**What the exercise asks:** Each entry should be returned exactly as written, with no pictures carried over.
____ Information
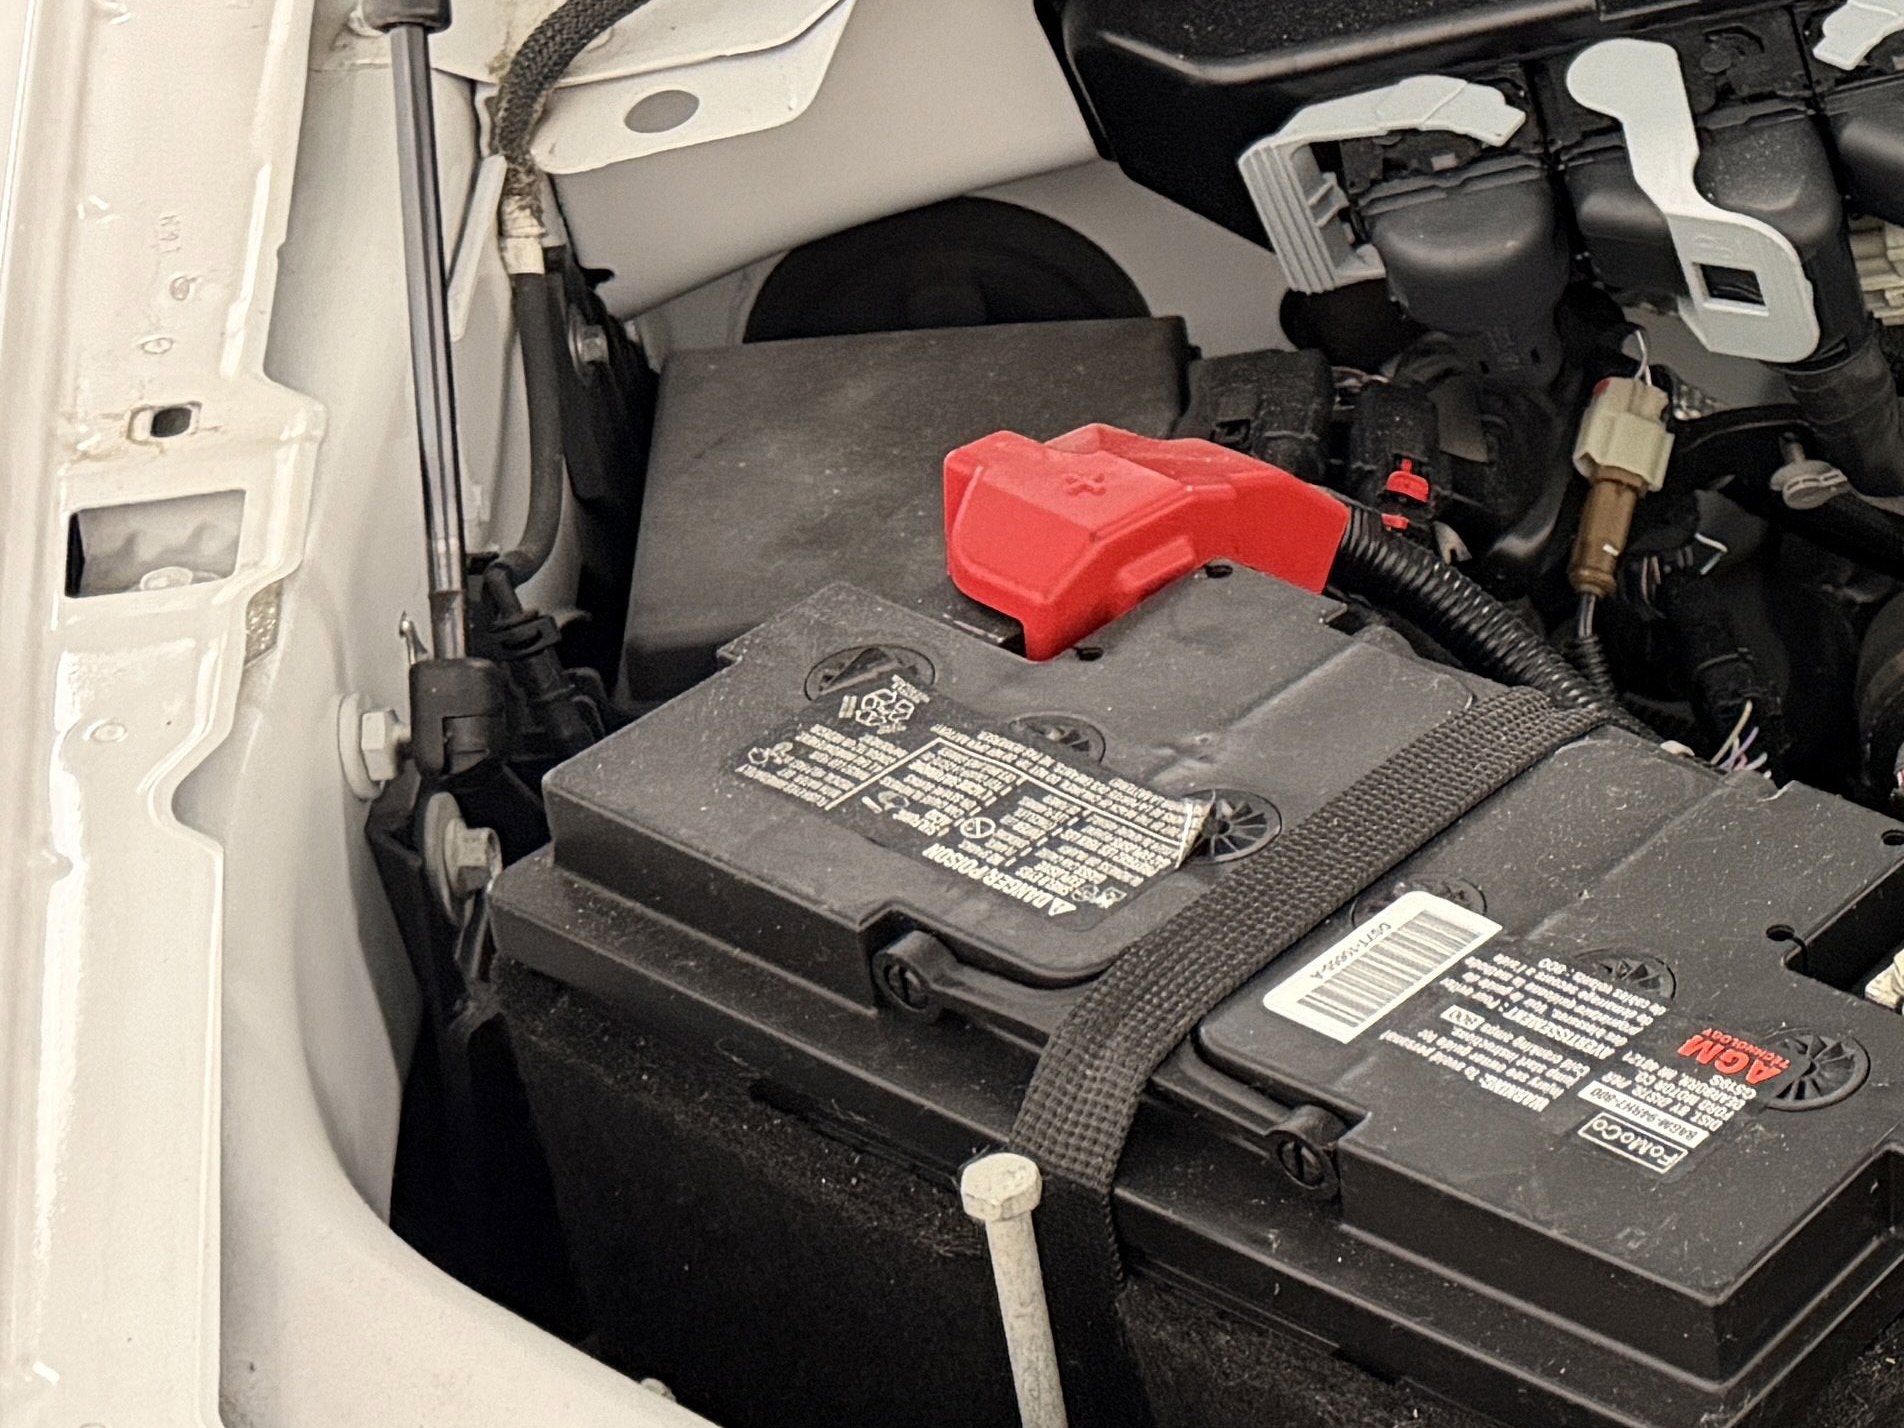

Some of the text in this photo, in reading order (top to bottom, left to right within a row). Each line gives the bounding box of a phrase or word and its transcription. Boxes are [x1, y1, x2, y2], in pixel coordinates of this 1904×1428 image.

[1673, 1033, 1783, 1088] AGM
[1700, 1026, 1795, 1068] TECHNOLOGY
[1586, 1116, 1680, 1167] FoMoCo
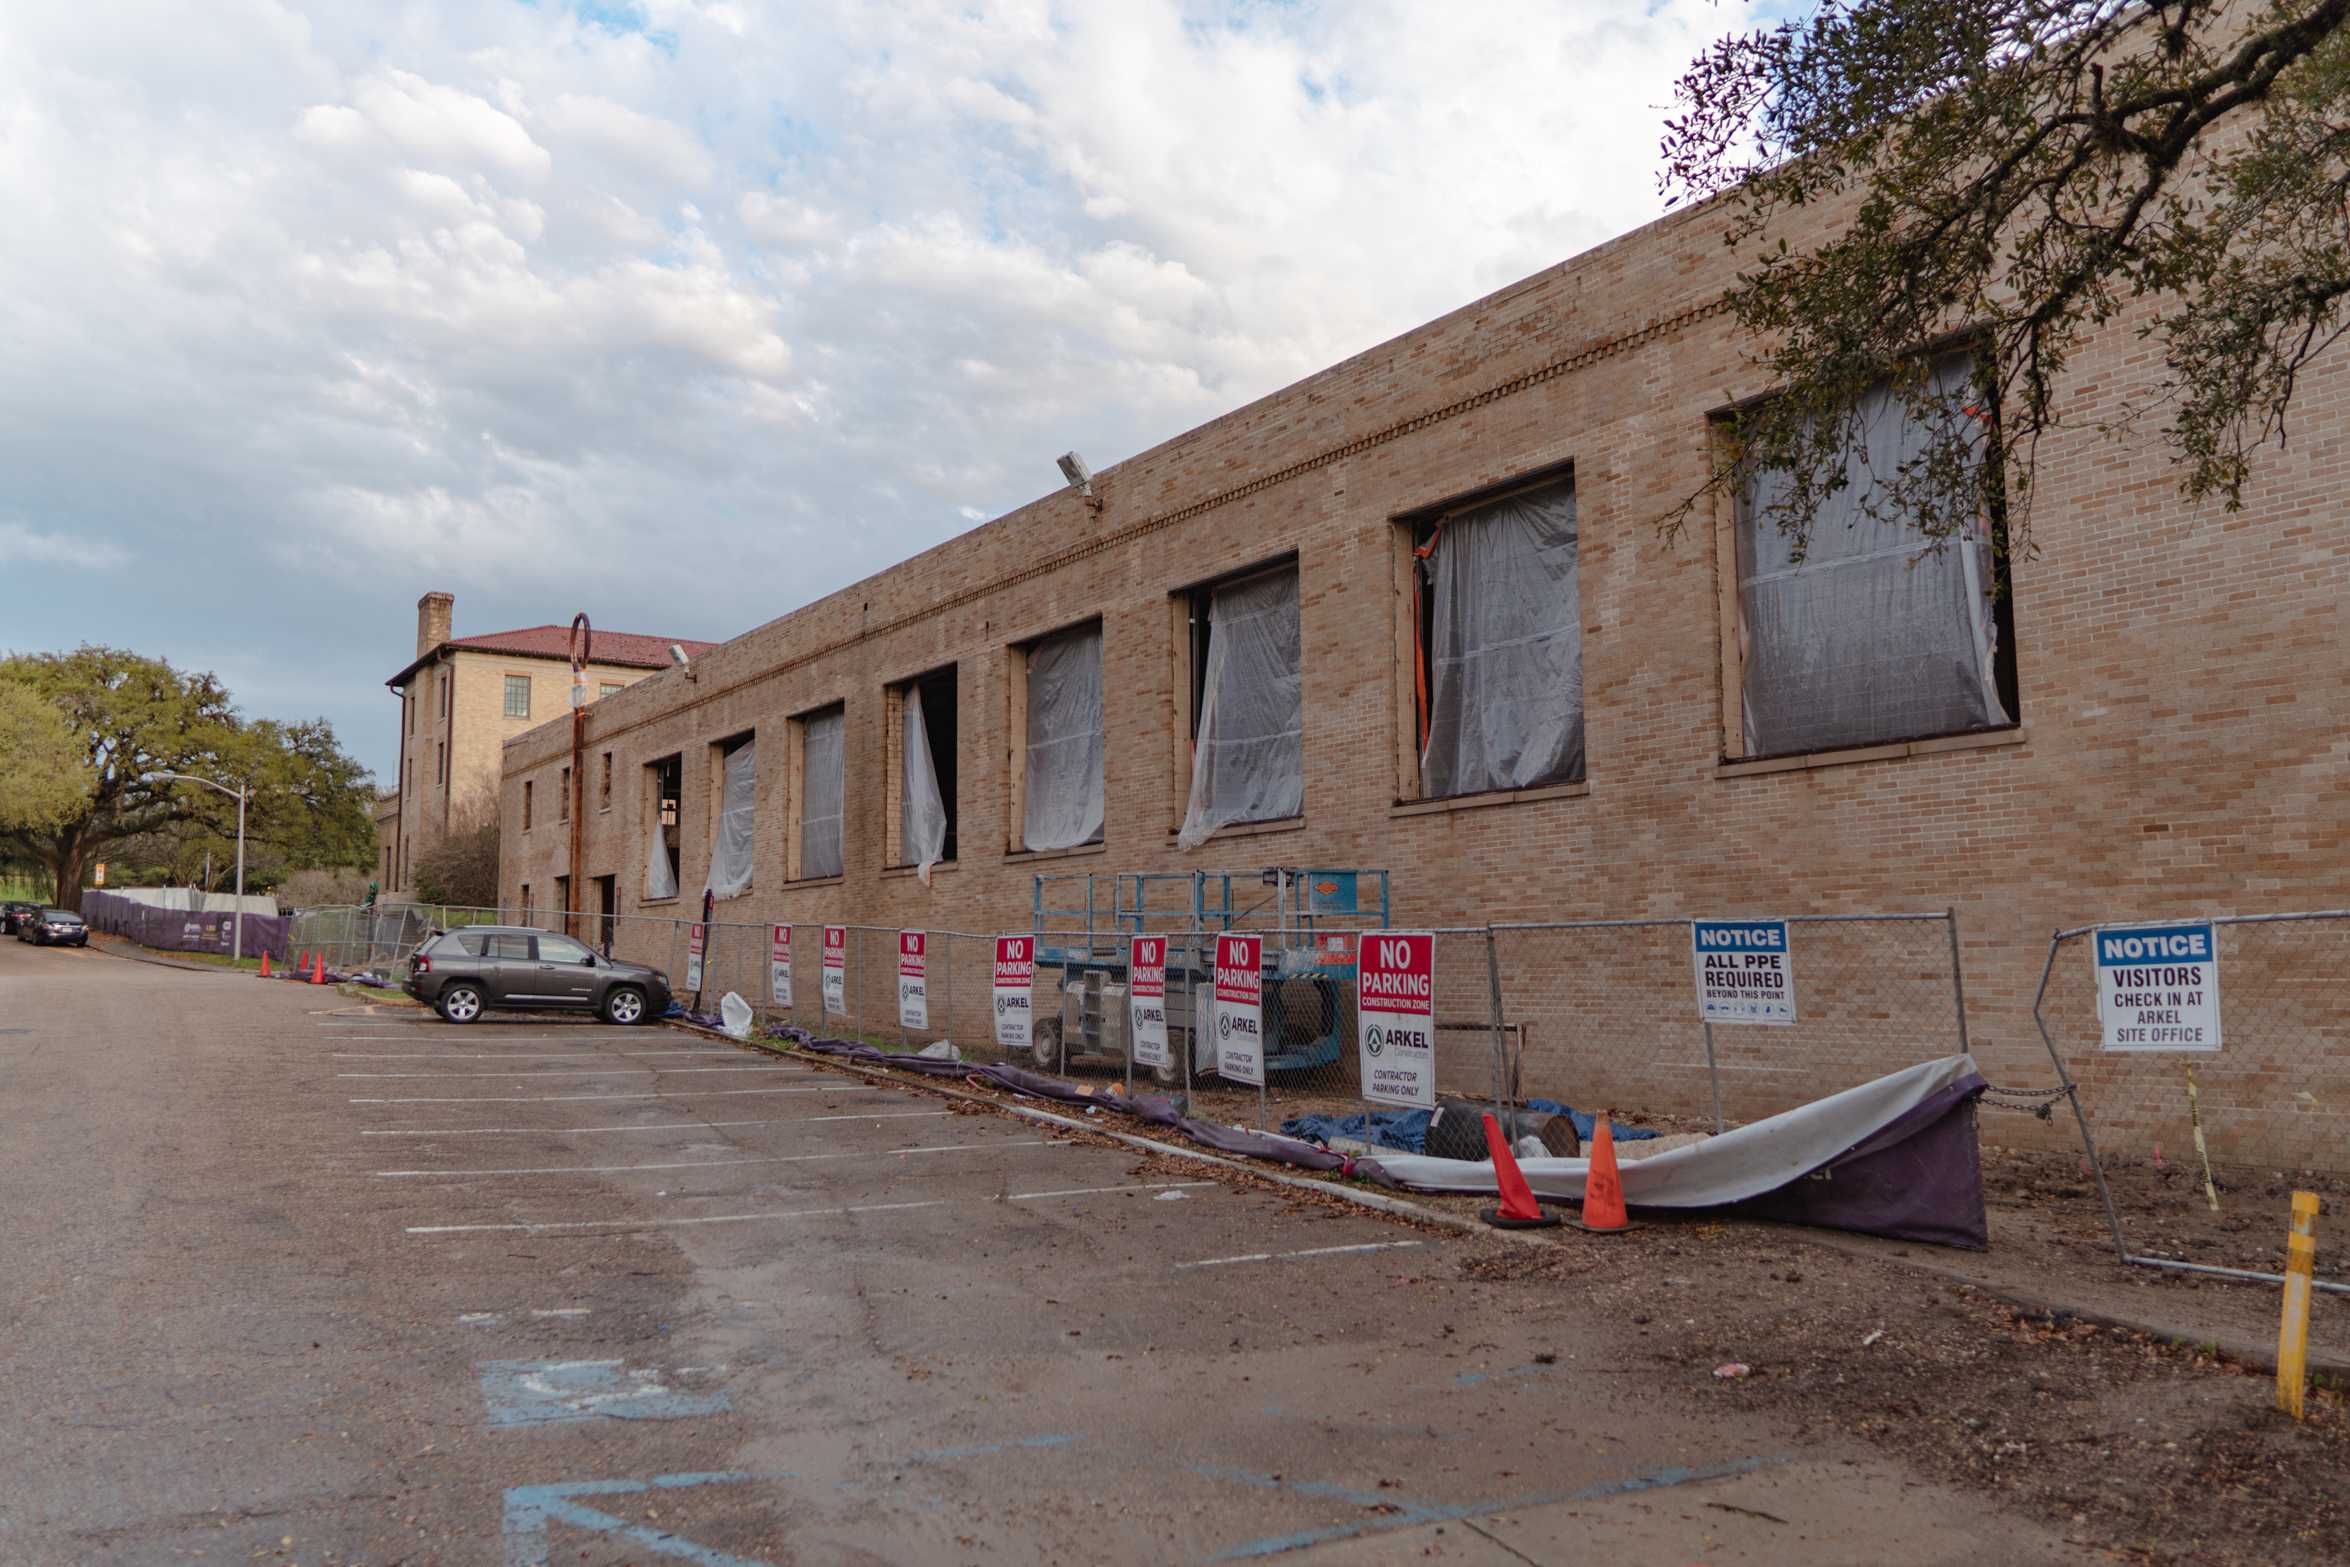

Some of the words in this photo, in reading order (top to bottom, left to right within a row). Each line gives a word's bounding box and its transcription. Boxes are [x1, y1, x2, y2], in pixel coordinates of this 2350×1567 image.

[830, 930, 839, 945] NO
[907, 936, 918, 952] NO
[1700, 929, 1781, 946] NOTICE
[1007, 941, 1023, 959] NO
[1141, 942, 1156, 963] NO
[1229, 940, 1249, 966] NO
[1380, 940, 1411, 969] NO
[2104, 934, 2207, 959] NOTICE
[997, 961, 1032, 976] PARKING
[1705, 955, 1739, 969] ALL
[1745, 955, 1781, 969] PPE
[1133, 966, 1163, 982] PARKING
[1217, 967, 1259, 989] PARKING
[1705, 971, 1783, 988] REQUIRED
[2113, 966, 2202, 988] VISITORS
[1362, 972, 1429, 996] PARKING
[1007, 997, 1029, 1008] ARKEL
[1706, 989, 1738, 998] BEYOND
[1740, 990, 1759, 999] THIS
[1761, 990, 1785, 1000] POINT
[2114, 992, 2163, 1007] CHECK
[2168, 992, 2182, 1006] IN
[2187, 991, 2203, 1006] AT
[1362, 996, 1412, 1009] CONSTRUCTION
[1413, 999, 1430, 1010] ZONE
[1143, 1008, 1164, 1022] ARKEL
[2137, 1010, 2182, 1024] ARKEL
[1232, 1016, 1258, 1034] ARKEL
[1385, 1029, 1429, 1049] ARKEL
[2117, 1028, 2146, 1042] SITE
[2151, 1027, 2203, 1042] OFFICE
[1374, 1070, 1417, 1082] CONTRACTOR
[1372, 1083, 1400, 1095] PARKING
[1401, 1086, 1419, 1096] ONLY
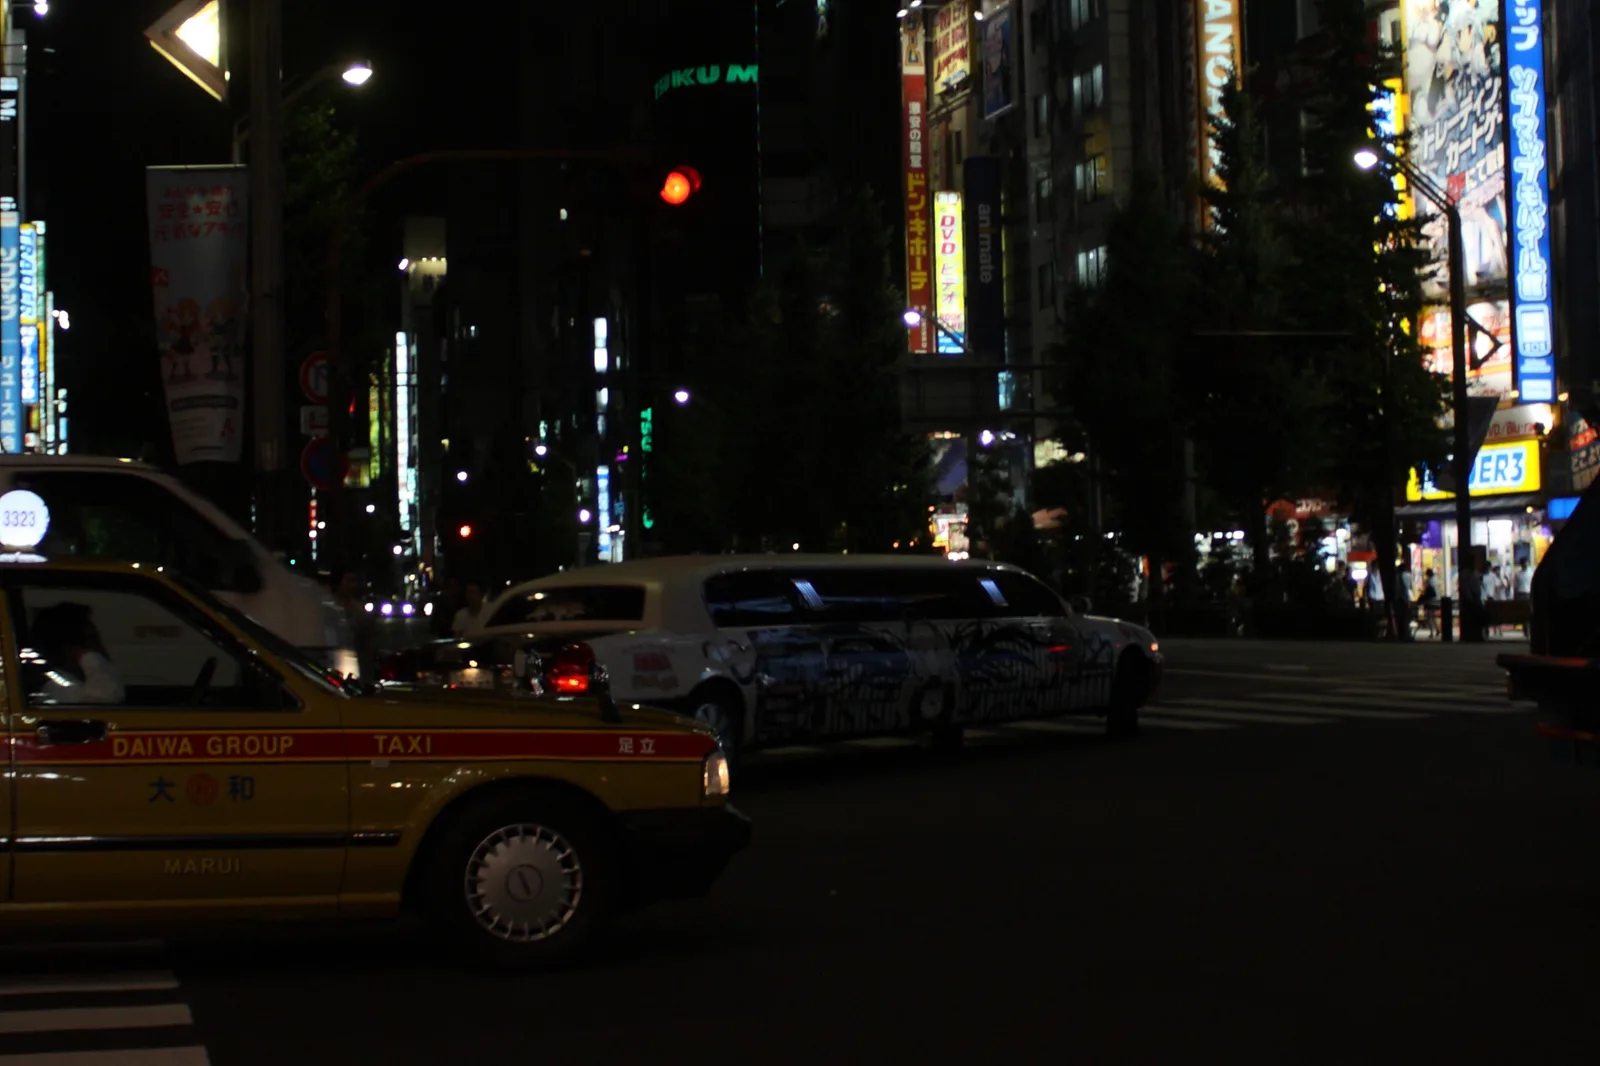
________
**Response to this task:**
Some of the text in this photo, in reading order (top to bottom, left to right within a row). Each line gives the bounding box of a phrase or word and its transcription. Boxes are [x1, y1, x2, y2], in pixel coordinates of this 1904×1428 image.

[1673, 1033, 1783, 1088] AGM
[1700, 1026, 1795, 1068] TECHNOLOGY
[1586, 1116, 1680, 1167] FoMoCo

Some of the words in this photo, in reading order (top to bottom, left to right within a row). Each line gives a word's bounding box and its transcription. Boxes are [x1, y1, x2, y2], in pixel coordinates of this 2350×1567 image.

[830, 930, 839, 945] NO
[907, 936, 918, 952] NO
[1700, 929, 1781, 946] NOTICE
[1007, 941, 1023, 959] NO
[1141, 942, 1156, 963] NO
[1229, 940, 1249, 966] NO
[1380, 940, 1411, 969] NO
[2104, 934, 2207, 959] NOTICE
[997, 961, 1032, 976] PARKING
[1705, 955, 1739, 969] ALL
[1745, 955, 1781, 969] PPE
[1133, 966, 1163, 982] PARKING
[1217, 967, 1259, 989] PARKING
[1705, 971, 1783, 988] REQUIRED
[2113, 966, 2202, 988] VISITORS
[1362, 972, 1429, 996] PARKING
[1007, 997, 1029, 1008] ARKEL
[1706, 989, 1738, 998] BEYOND
[1740, 990, 1759, 999] THIS
[1761, 990, 1785, 1000] POINT
[2114, 992, 2163, 1007] CHECK
[2168, 992, 2182, 1006] IN
[2187, 991, 2203, 1006] AT
[1362, 996, 1412, 1009] CONSTRUCTION
[1413, 999, 1430, 1010] ZONE
[1143, 1008, 1164, 1022] ARKEL
[2137, 1010, 2182, 1024] ARKEL
[1232, 1016, 1258, 1034] ARKEL
[1385, 1029, 1429, 1049] ARKEL
[2117, 1028, 2146, 1042] SITE
[2151, 1027, 2203, 1042] OFFICE
[1374, 1070, 1417, 1082] CONTRACTOR
[1372, 1083, 1400, 1095] PARKING
[1401, 1086, 1419, 1096] ONLY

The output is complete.